### [WORK REQUEST]
Down to the last character, write out the records below.

### [MATERIAL FOR THIS TASK]

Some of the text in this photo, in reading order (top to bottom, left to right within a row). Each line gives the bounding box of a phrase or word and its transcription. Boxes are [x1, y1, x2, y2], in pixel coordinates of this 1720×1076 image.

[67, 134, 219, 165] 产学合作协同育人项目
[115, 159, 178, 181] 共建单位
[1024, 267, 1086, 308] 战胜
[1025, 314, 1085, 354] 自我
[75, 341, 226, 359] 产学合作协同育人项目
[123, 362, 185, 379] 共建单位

### [OUTPUT OF THE TASK]
Some of the text in this photo, in reading order (top to bottom, left to right within a row). Each line gives the bounding box of a phrase or word and its transcription. Boxes are [x1, y1, x2, y2], in pixel coordinates of this 1720×1076 image.

[67, 134, 219, 165] 产学合作协同育人项目
[115, 159, 178, 181] 共建单位
[1024, 267, 1086, 308] 战胜
[1025, 314, 1085, 354] 自我
[75, 341, 226, 359] 产学合作协同育人项目
[123, 362, 185, 379] 共建单位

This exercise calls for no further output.